### YOUR TASK
Report, as a number alone, how many lines below contain the string "Welcome".
(STUDY MATERIAL)
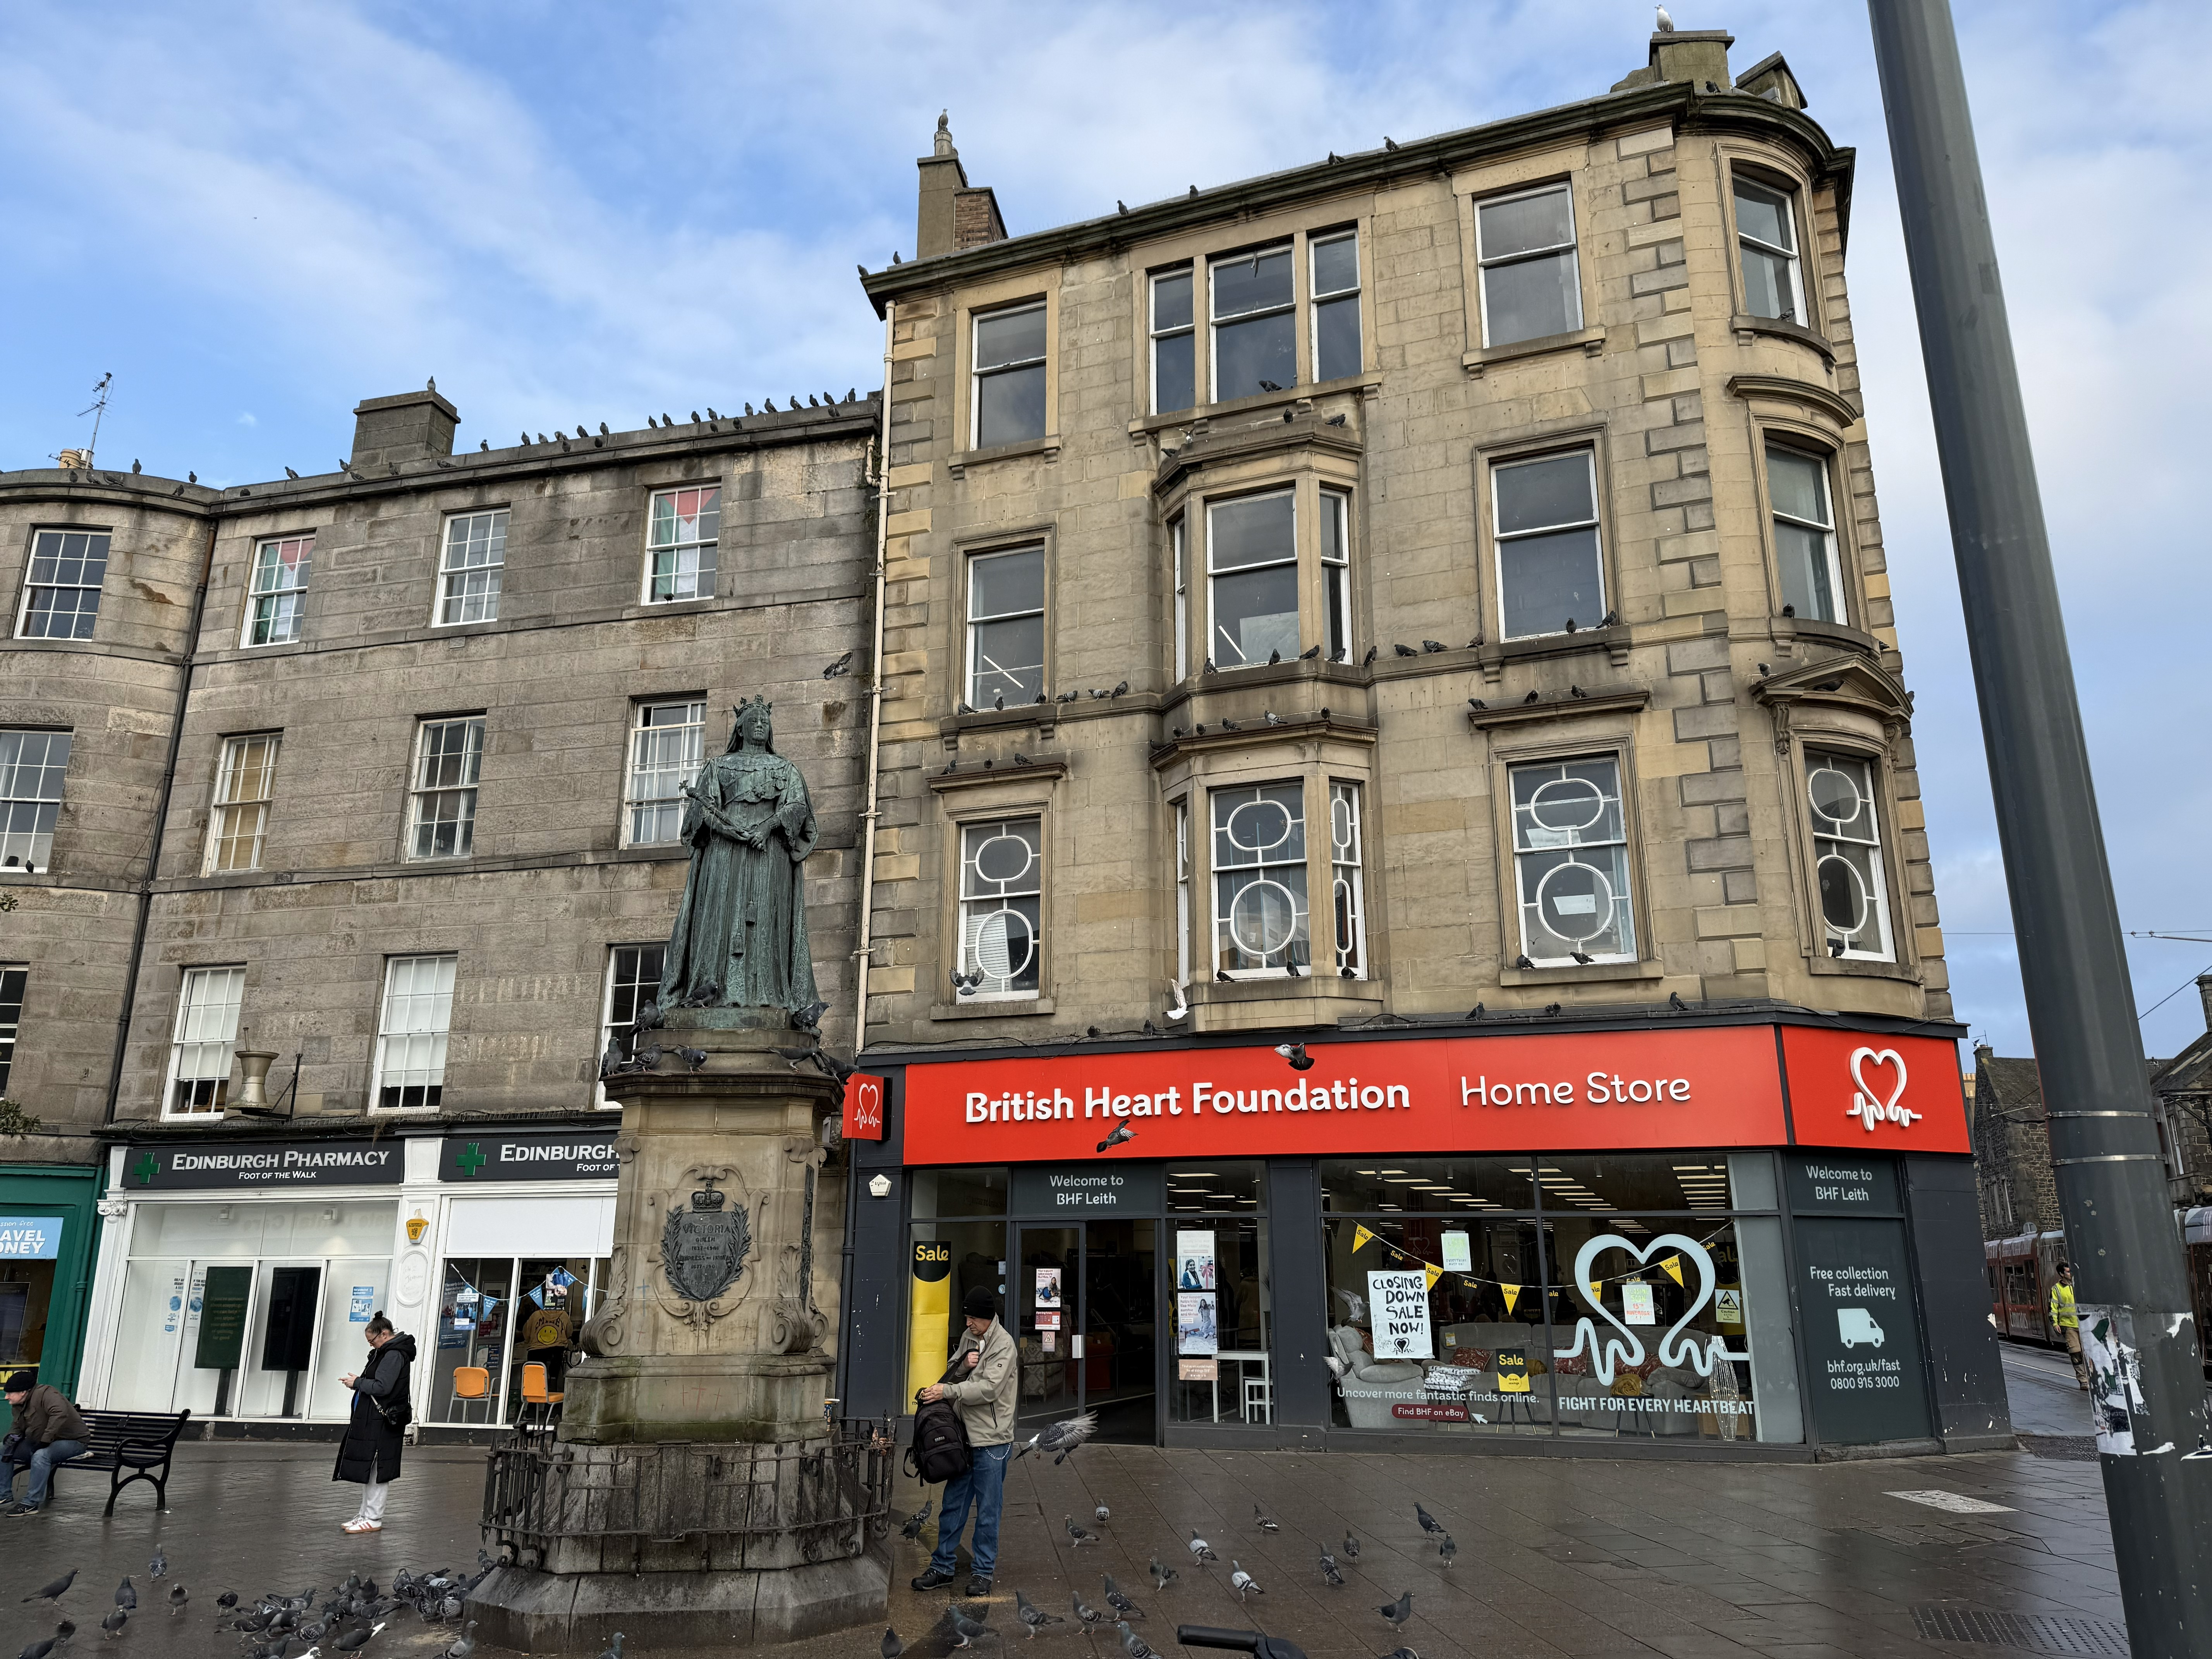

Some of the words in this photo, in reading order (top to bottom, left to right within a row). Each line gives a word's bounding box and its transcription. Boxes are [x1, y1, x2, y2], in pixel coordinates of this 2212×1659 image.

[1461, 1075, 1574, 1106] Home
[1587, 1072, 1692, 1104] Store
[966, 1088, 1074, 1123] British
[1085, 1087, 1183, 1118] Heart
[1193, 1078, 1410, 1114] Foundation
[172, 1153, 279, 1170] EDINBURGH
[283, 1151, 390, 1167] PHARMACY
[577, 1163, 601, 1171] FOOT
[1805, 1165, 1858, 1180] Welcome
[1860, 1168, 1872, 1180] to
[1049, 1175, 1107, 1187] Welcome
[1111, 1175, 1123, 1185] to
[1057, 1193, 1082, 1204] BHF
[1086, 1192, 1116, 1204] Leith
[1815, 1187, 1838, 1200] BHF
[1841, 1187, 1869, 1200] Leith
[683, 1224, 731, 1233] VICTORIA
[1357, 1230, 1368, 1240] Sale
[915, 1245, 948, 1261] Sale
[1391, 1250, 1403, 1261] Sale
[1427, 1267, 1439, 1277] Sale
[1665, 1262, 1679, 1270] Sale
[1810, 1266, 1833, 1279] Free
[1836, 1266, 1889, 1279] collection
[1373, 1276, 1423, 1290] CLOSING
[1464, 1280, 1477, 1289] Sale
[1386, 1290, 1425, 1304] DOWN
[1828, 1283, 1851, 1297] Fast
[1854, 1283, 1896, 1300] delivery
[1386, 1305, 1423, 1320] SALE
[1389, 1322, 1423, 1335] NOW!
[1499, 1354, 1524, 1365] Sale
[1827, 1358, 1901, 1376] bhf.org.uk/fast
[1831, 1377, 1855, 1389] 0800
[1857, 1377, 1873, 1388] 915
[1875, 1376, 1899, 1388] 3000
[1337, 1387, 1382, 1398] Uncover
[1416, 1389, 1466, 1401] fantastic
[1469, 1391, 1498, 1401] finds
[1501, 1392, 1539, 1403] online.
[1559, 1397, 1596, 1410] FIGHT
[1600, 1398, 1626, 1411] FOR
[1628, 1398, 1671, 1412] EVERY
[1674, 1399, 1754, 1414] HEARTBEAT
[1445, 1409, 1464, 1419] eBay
(End STUDY MATERIAL)
### ANSWER SECTION
2